• To do:
Without including any picture, write out the entries exactly as they stand.
☆ ☆ ☆ ☆
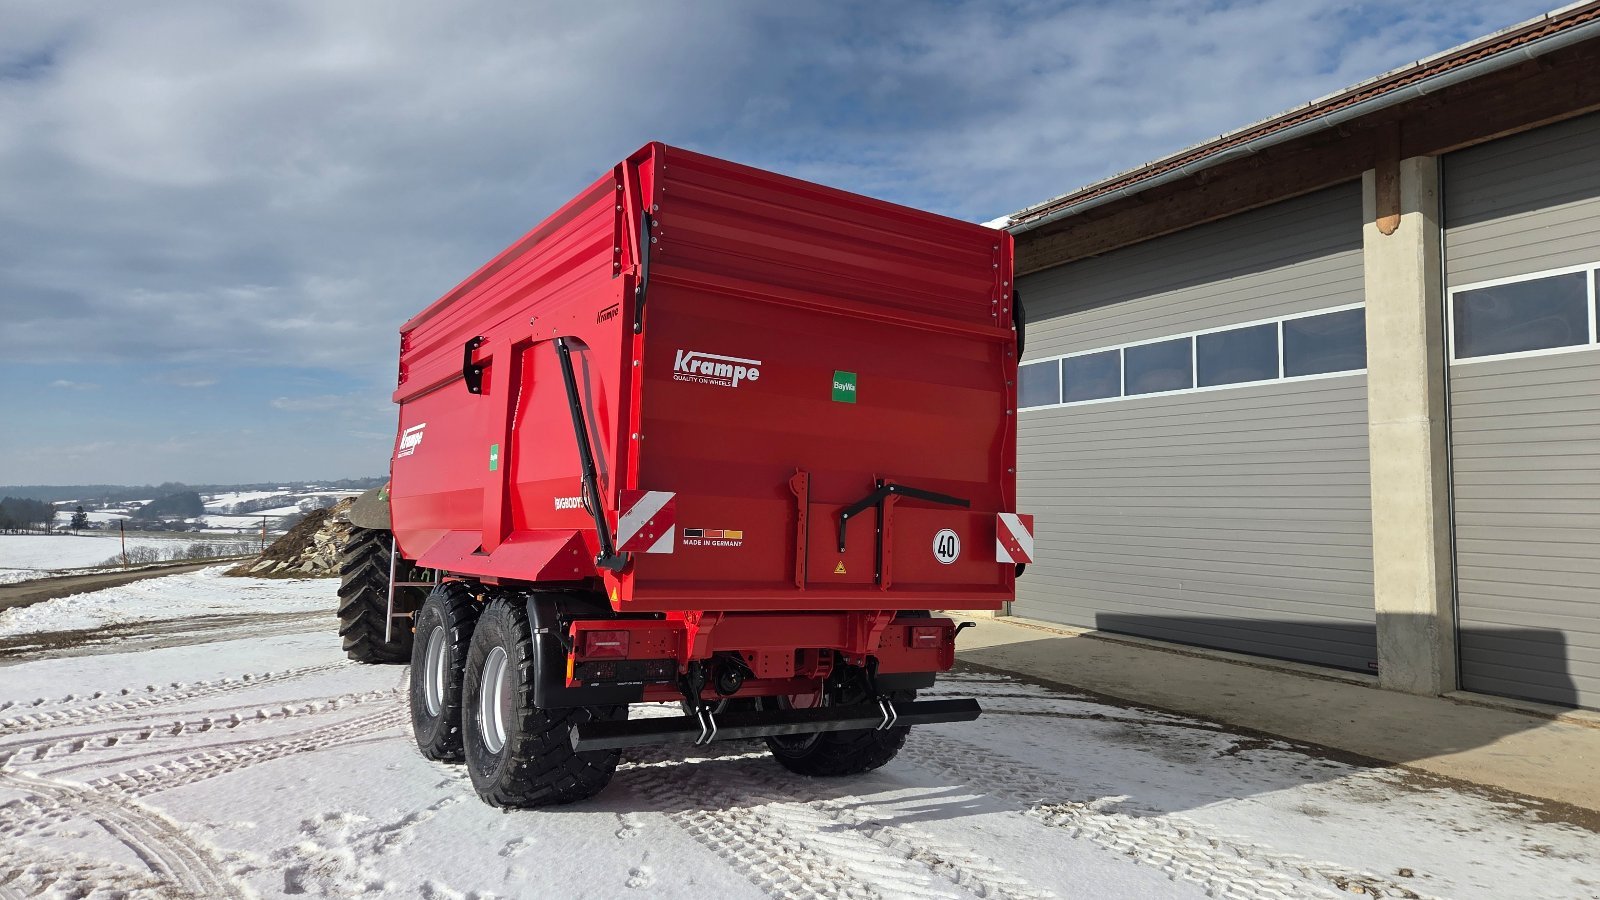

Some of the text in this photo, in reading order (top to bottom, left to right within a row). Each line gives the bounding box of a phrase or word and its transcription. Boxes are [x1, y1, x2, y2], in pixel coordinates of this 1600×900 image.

[674, 349, 761, 387] Krampe
[673, 374, 698, 383] QUALITY
[709, 379, 731, 387] WHEELS
[833, 381, 856, 391] BayWa
[937, 535, 955, 558] 40
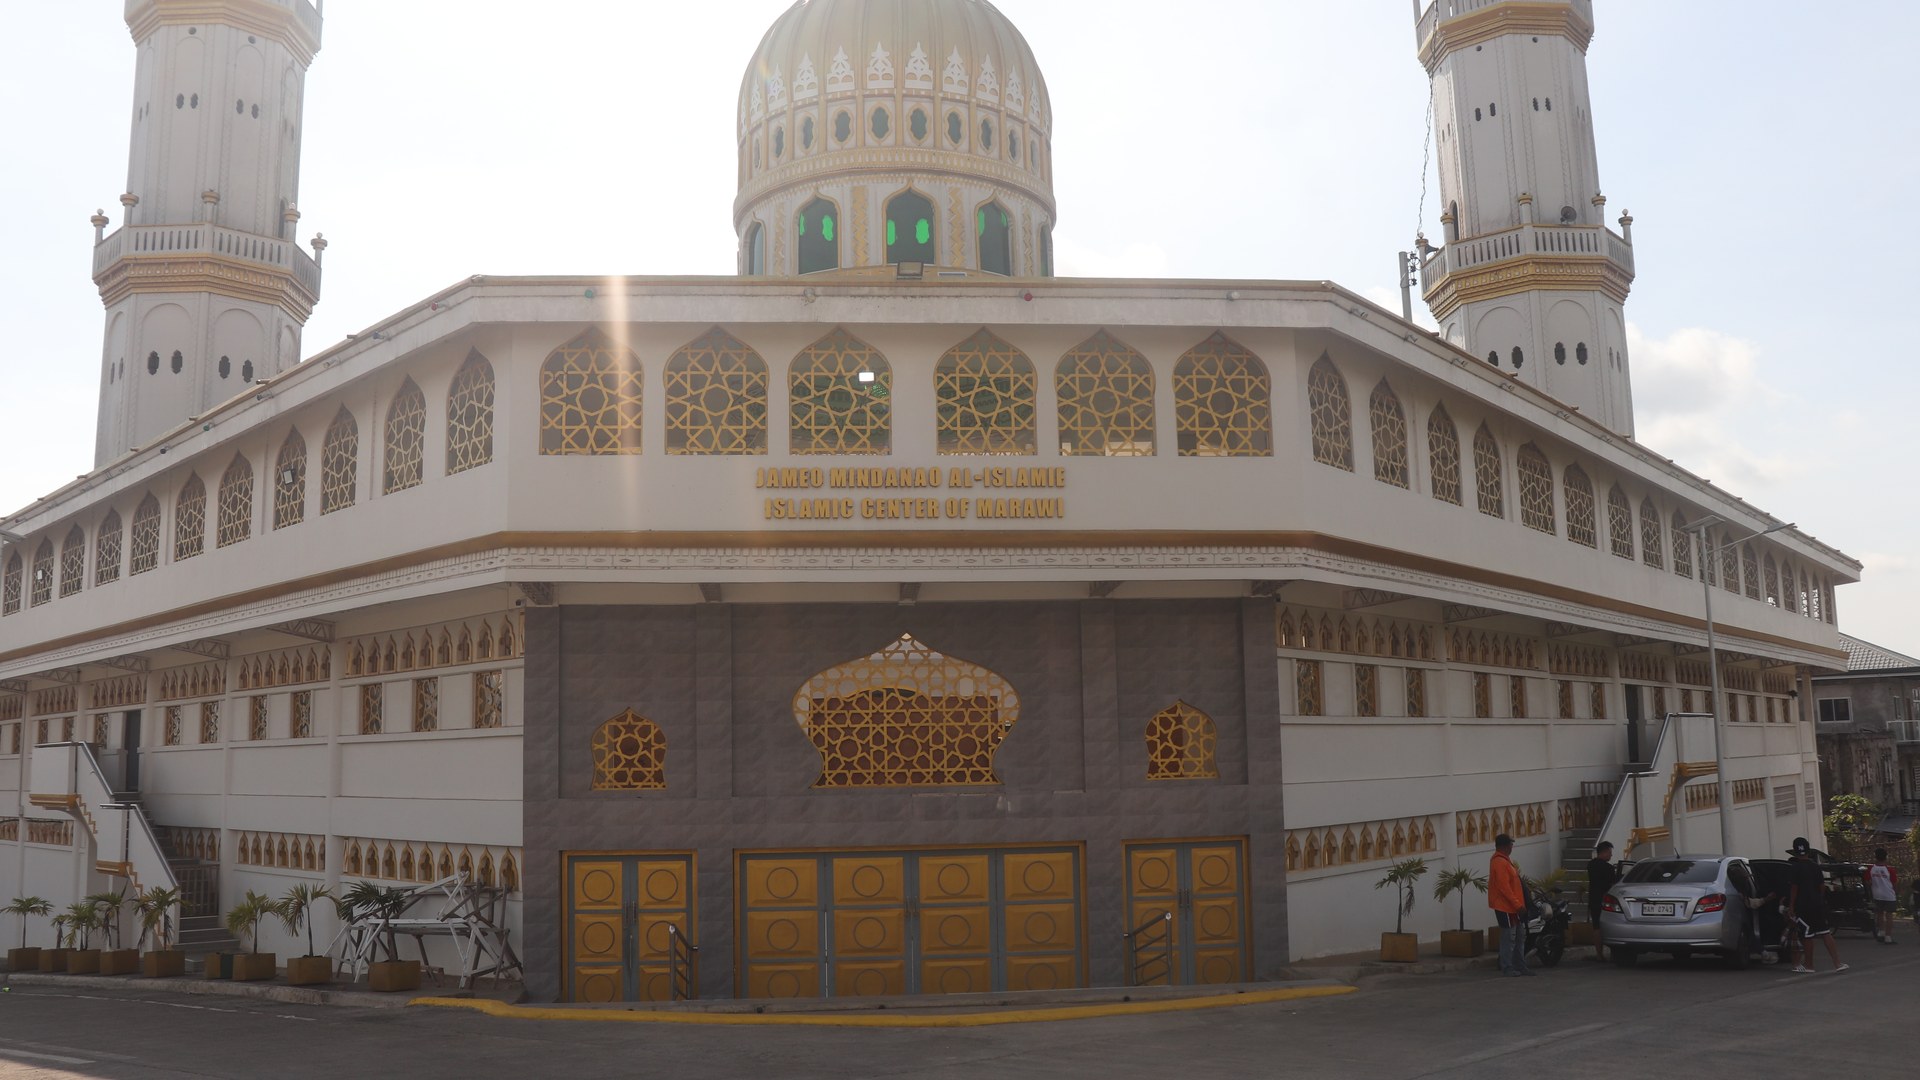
☆ ☆ ☆ ☆
• Solution:
Some of the text in this photo, in reading order (top to bottom, left to right within a row). Each line gives the bounding box of a phrase or word and its transcription. Boxes are [x1, y1, x2, y2], in pixel coordinates of this 1600×900 image.

[674, 349, 761, 387] Krampe
[673, 374, 698, 383] QUALITY
[709, 379, 731, 387] WHEELS
[833, 381, 856, 391] BayWa
[937, 535, 955, 558] 40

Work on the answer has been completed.